The Next Adventure

 

So, life is nothing but one big adventure, right? College begins next Monday, and the train that takes me toward my last year in college (for now) leaves Bandra Station on Monday, the 23rd. So let’s pack and lead normal lives till then? Not exactly.The point is (I’m not cribbing, but..) my friends won’t let me rest in peace. So Rushikesh Kulkarni has been trying to get me on a trek since the beginning of the monsoon. Unfortunately, due to work and the GMAT prep, I was only able to manage one outing to Visapur.

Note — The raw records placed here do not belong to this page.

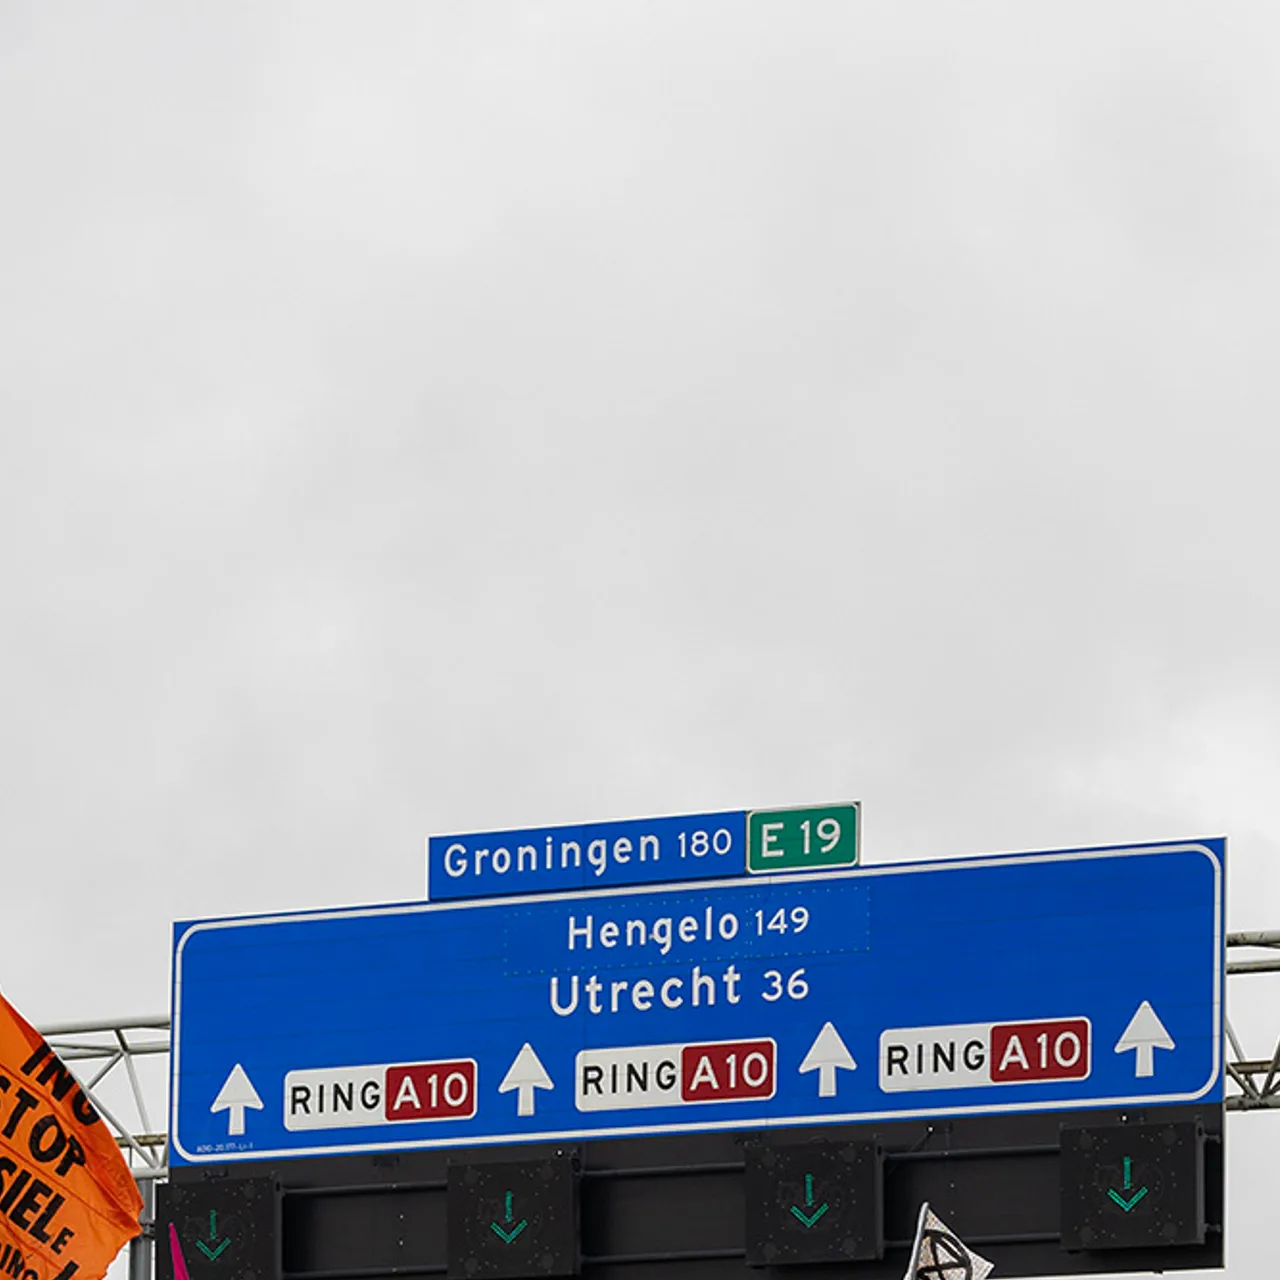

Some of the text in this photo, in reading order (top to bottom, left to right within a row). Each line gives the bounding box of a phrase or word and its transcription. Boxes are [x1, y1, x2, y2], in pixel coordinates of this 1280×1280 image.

[444, 829, 732, 877] Groningen 180
[761, 818, 841, 858] E 19
[568, 906, 809, 955] Hengelo 149
[550, 965, 809, 1016] Utrecht 36
[582, 1052, 768, 1096] RING A10
[887, 1031, 1081, 1077] RING A10
[21, 1042, 101, 1126] ING
[291, 1072, 468, 1115] RING A10
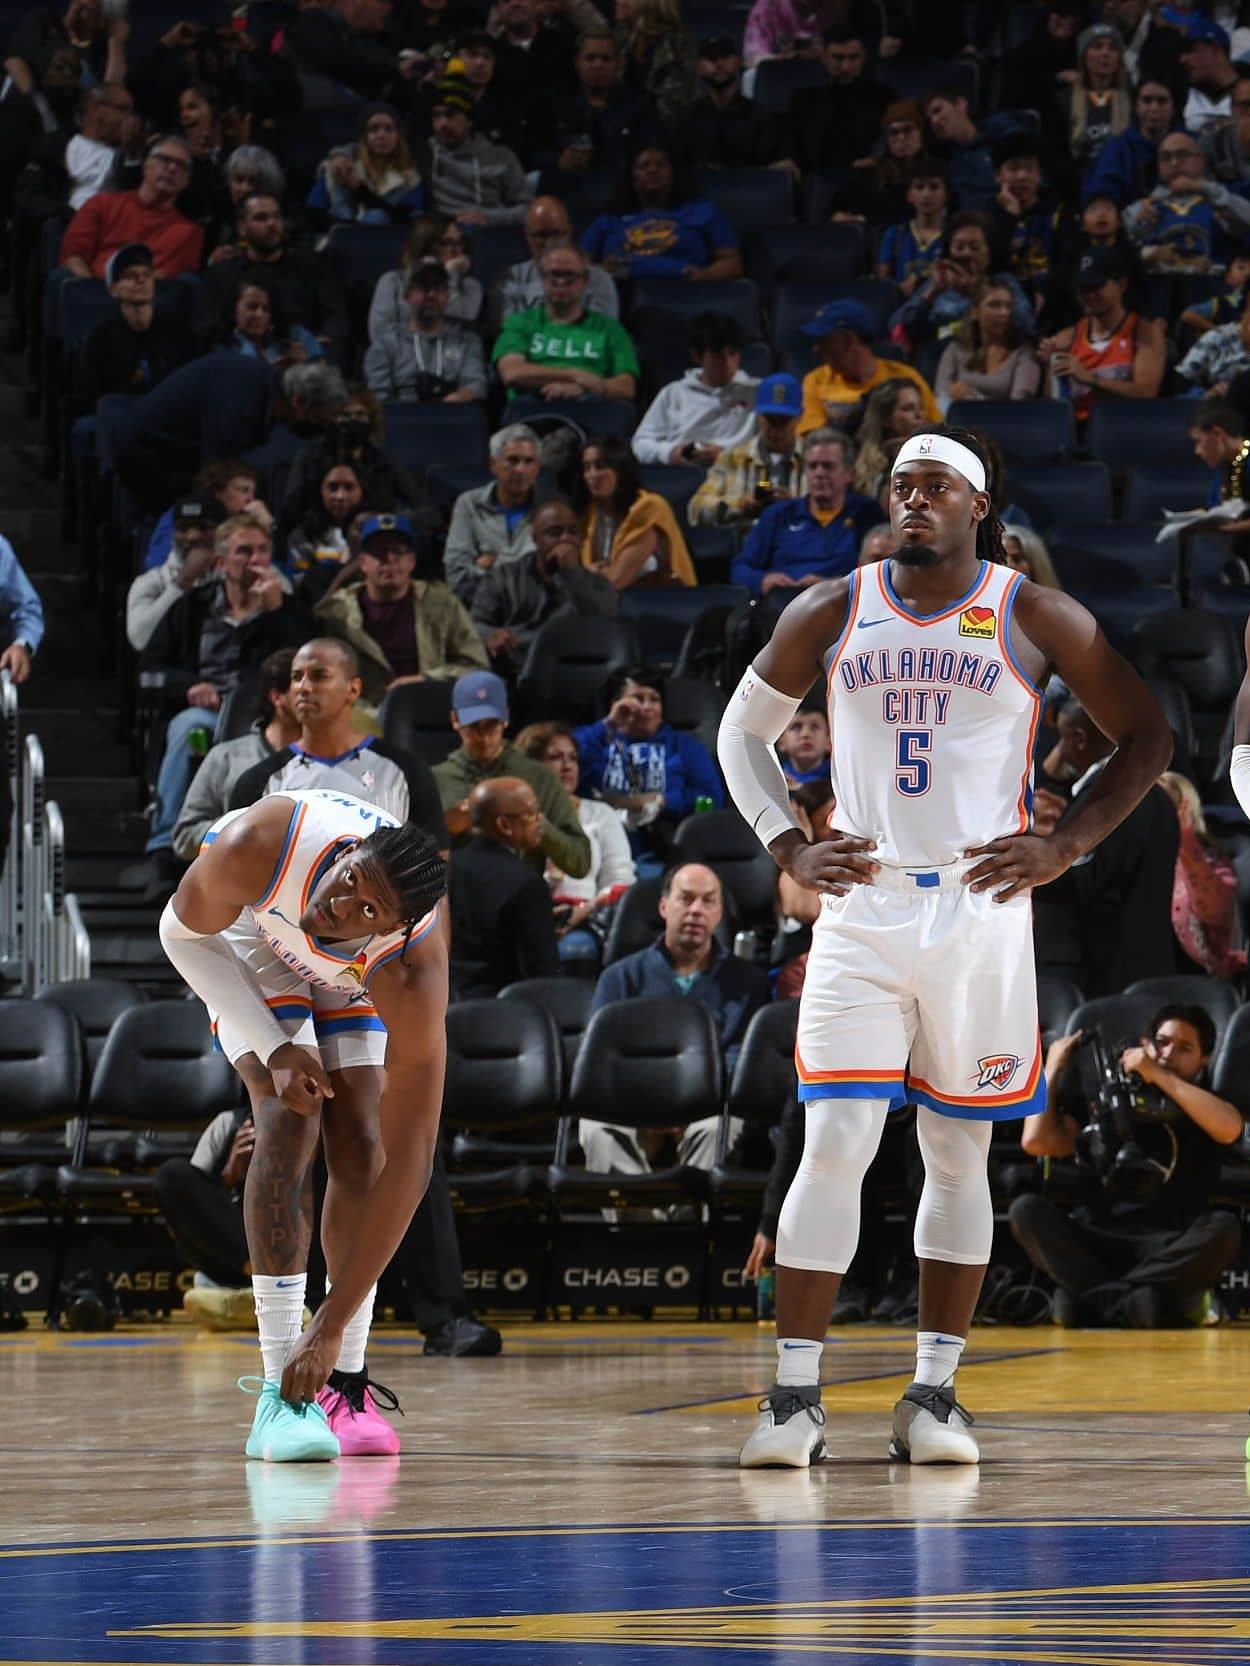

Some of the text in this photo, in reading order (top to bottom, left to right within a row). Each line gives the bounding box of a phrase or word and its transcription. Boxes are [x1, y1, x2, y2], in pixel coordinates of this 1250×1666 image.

[529, 332, 601, 358] SELL
[839, 648, 1003, 696] OKLAHOMA
[883, 689, 951, 725] CITY
[895, 728, 933, 797] 5
[105, 1271, 171, 1291] ASE
[563, 1266, 660, 1288] CHASE
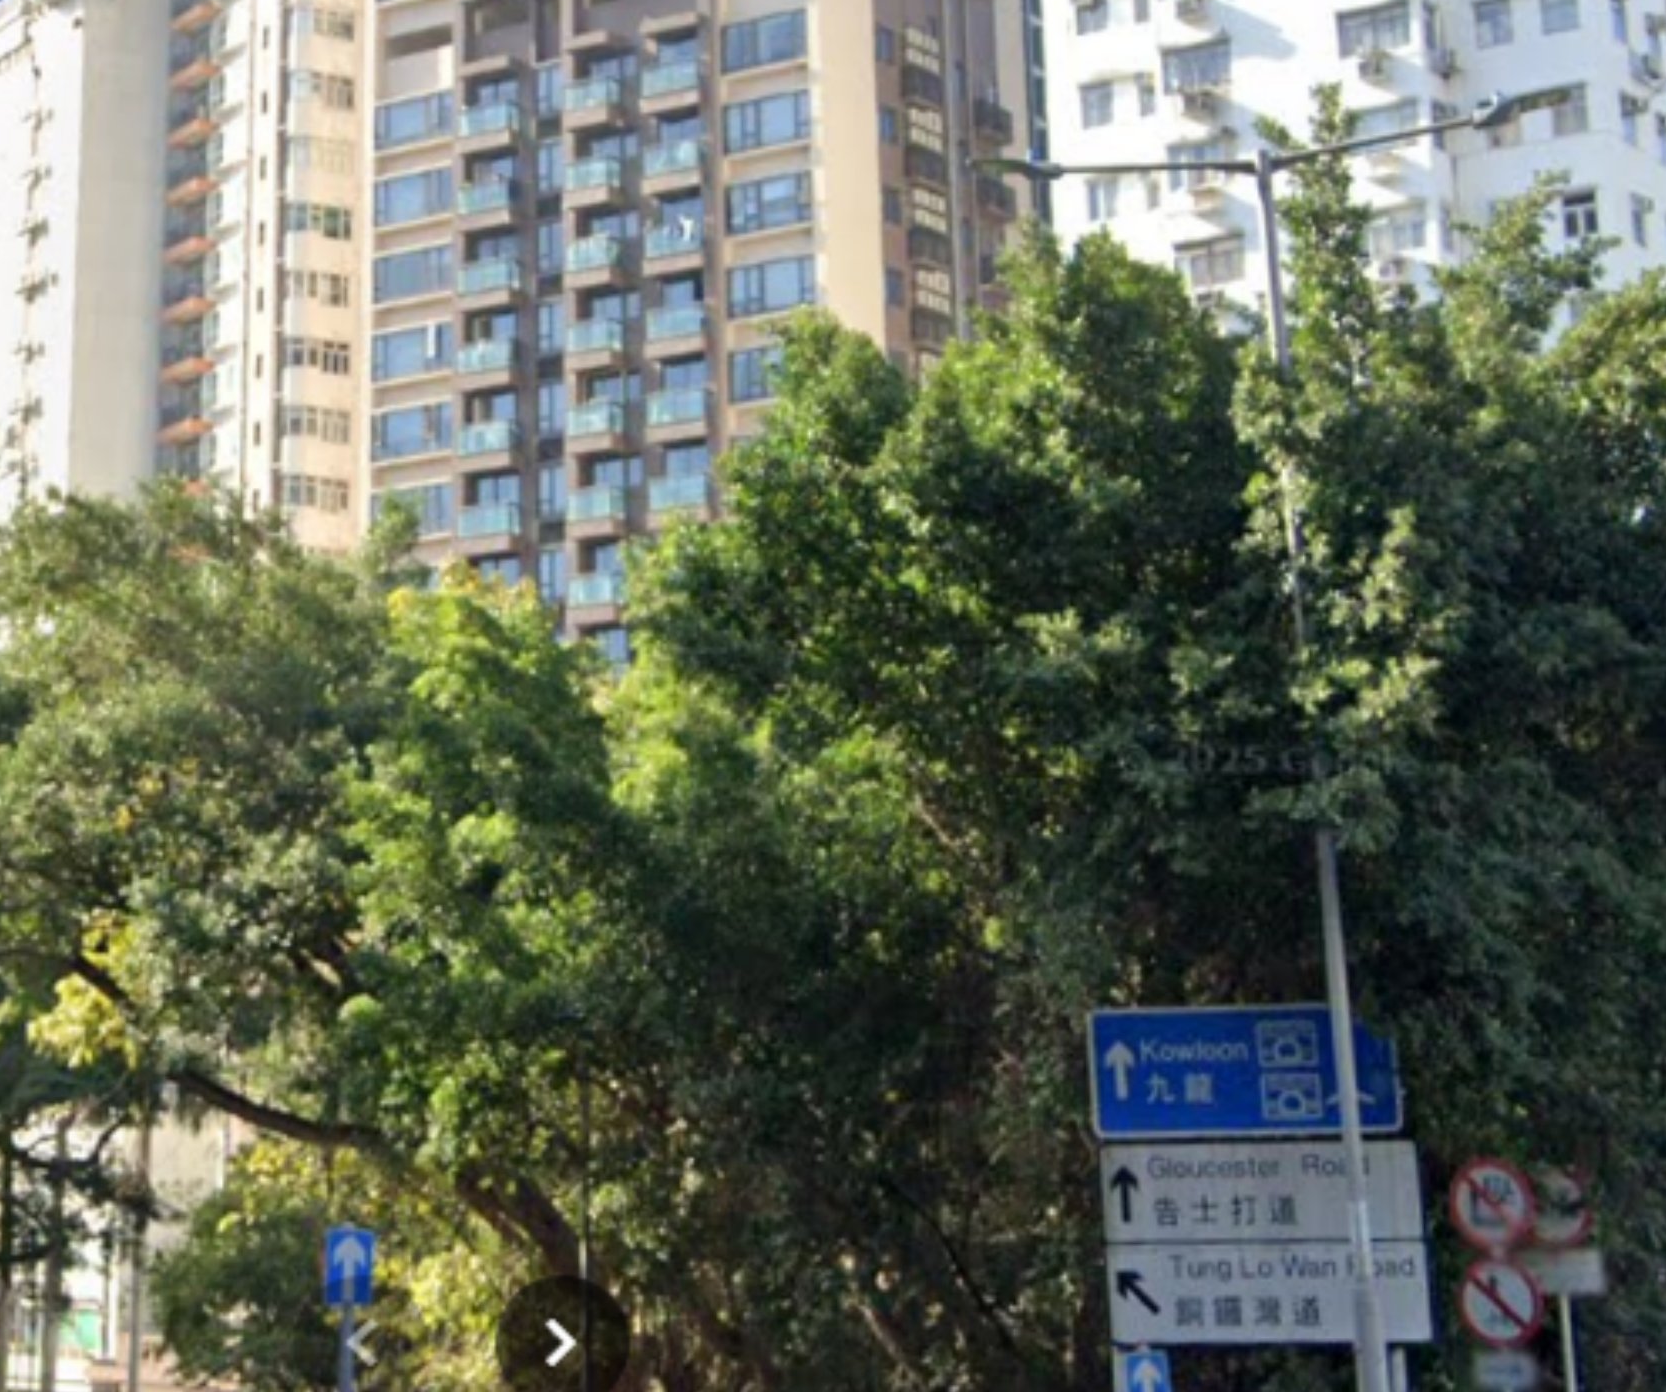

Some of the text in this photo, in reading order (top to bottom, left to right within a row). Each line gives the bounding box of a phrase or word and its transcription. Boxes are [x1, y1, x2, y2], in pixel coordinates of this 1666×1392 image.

[1139, 1039, 1249, 1062] Kowloon
[1146, 1072, 1214, 1104] 九龍
[1146, 1155, 1281, 1179] Gloucester
[1153, 1194, 1297, 1226] 告士打道
[1170, 1255, 1232, 1283] Tung
[1240, 1256, 1274, 1280] Lo
[1282, 1255, 1337, 1279] Wan
[1175, 1295, 1321, 1327] 銅鑼灣道
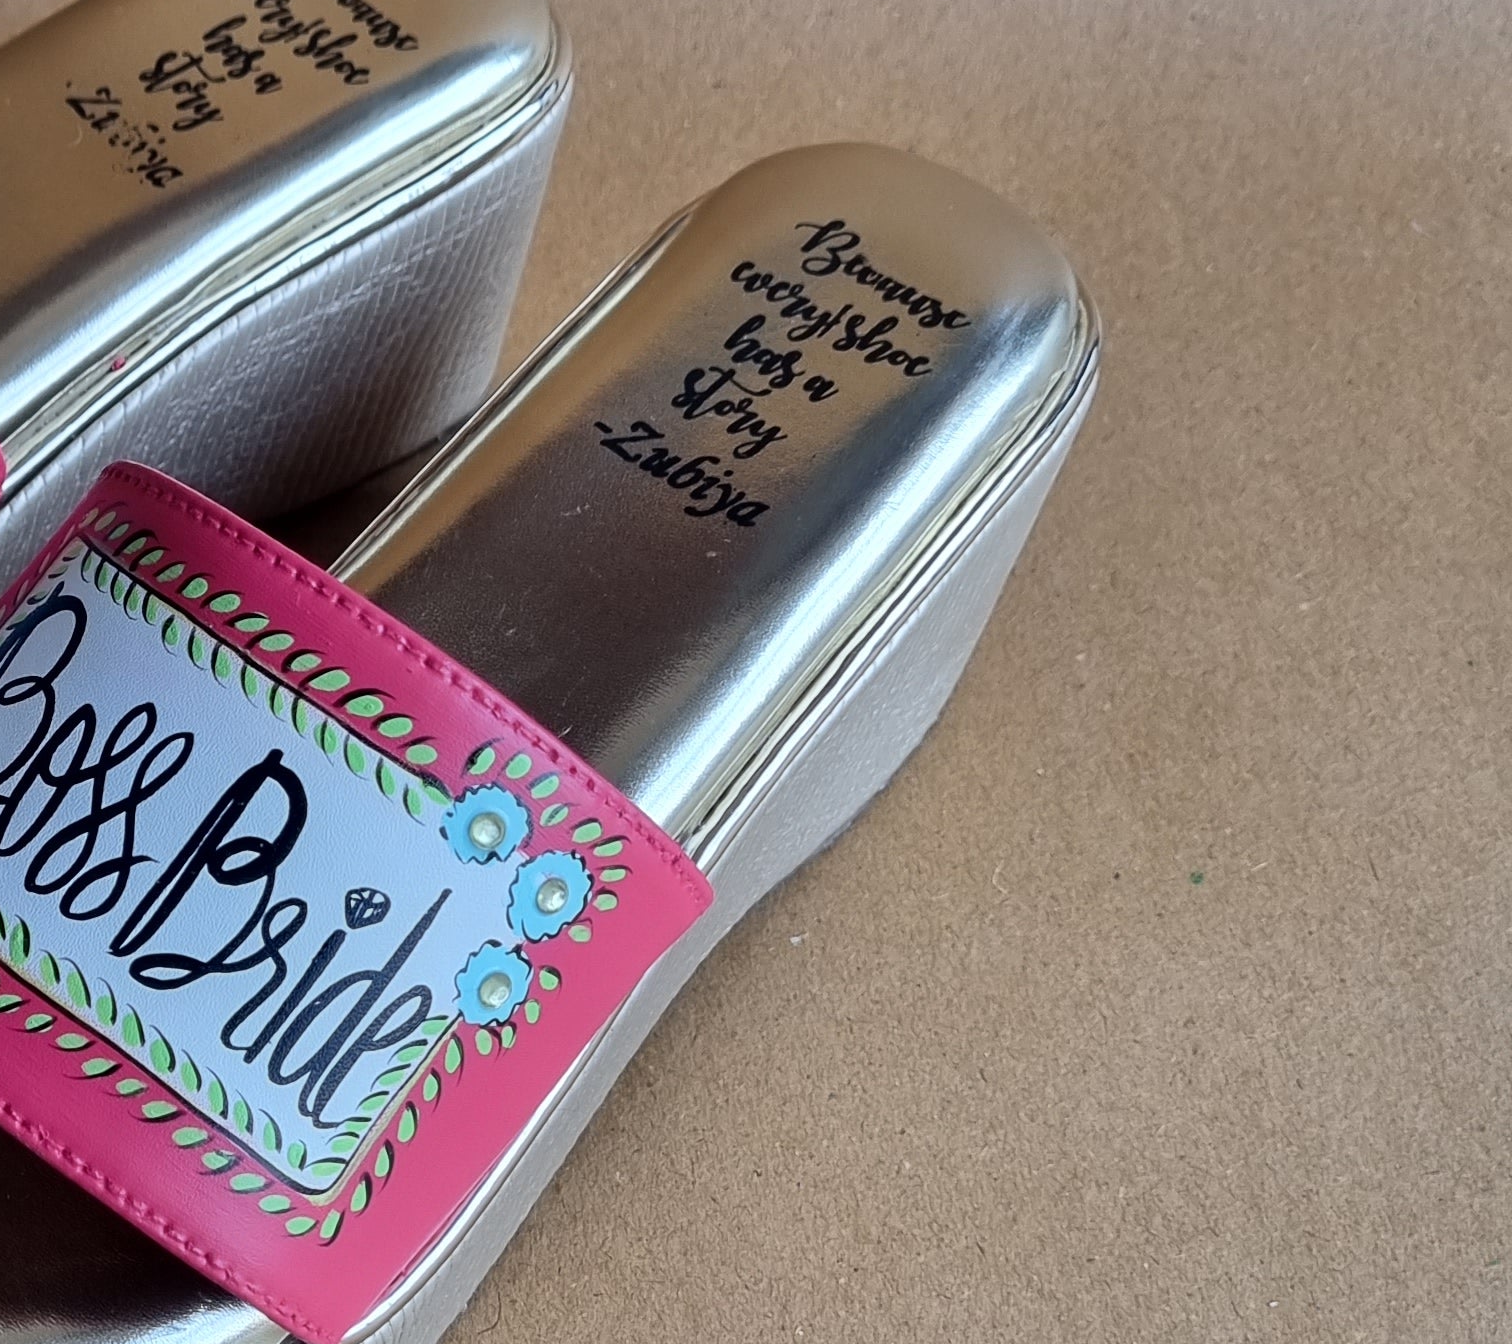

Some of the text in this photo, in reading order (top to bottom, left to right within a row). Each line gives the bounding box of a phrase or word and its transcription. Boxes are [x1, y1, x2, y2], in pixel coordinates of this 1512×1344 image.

[202, 16, 283, 95] has a
[794, 220, 972, 330] Because
[724, 314, 839, 403] has a
[832, 314, 933, 377] shoe
[107, 748, 451, 1129] Bride

So once the GMAT got done, I got a message immediately from him, “So you’re coming for this weekends’ trek, na?” And who doesn’t mind a bit of adventure to pep things up just before we resume our journey of intellectual dumbing down? I signed up for a Saturday trek to the hills, enjoyment under a waterfall, and rappelling down along the flow of the fall. A little too exciting to let me sleep this Friday night. Let’s see  how it goes. I’m sure it’ll be brilliant, as Breakfree always organizes the most amazing stuff, but the asli adventure is in being there. This place we’re headed too isn’t well-known and all, it’s our secret little water-fall where we expect little company and, in my opinion, is the ideal destination you’d want to run away to on a weekend. There won’t be too many people to surround you, phones will be out of range, and you could scream at the top of your voice and no one, I’m sure would care. Except for the snakes in the jungle. 😛

Sunday sees me enjoy a lazy morning at home. Last minute packing, meeting a few relatives, a quiet lunch at home, picking up stuff for the journey and the next semester. A nice weekend? Yes. Add to that, the icing on the cake, Dark Knight Rises in IMAX! For which I’d really have to thank my sister for getting enough time off to go catch a movie just before I leave.  And with that, we will arrive in Jodhpur by Tuesday, refreshed by a long 3-month holiday, with a fresh perspective on life, careers, joys, gains, and character. It’s been a long hard holiday, with the internship working out great, enough studies to keep the mind deteriorating and a good dose of music to keep us all alive. I think I’ve wasted enough time these holidays to be proud of myself, and spent enough time learning stuff that’ll help me along this undulating path.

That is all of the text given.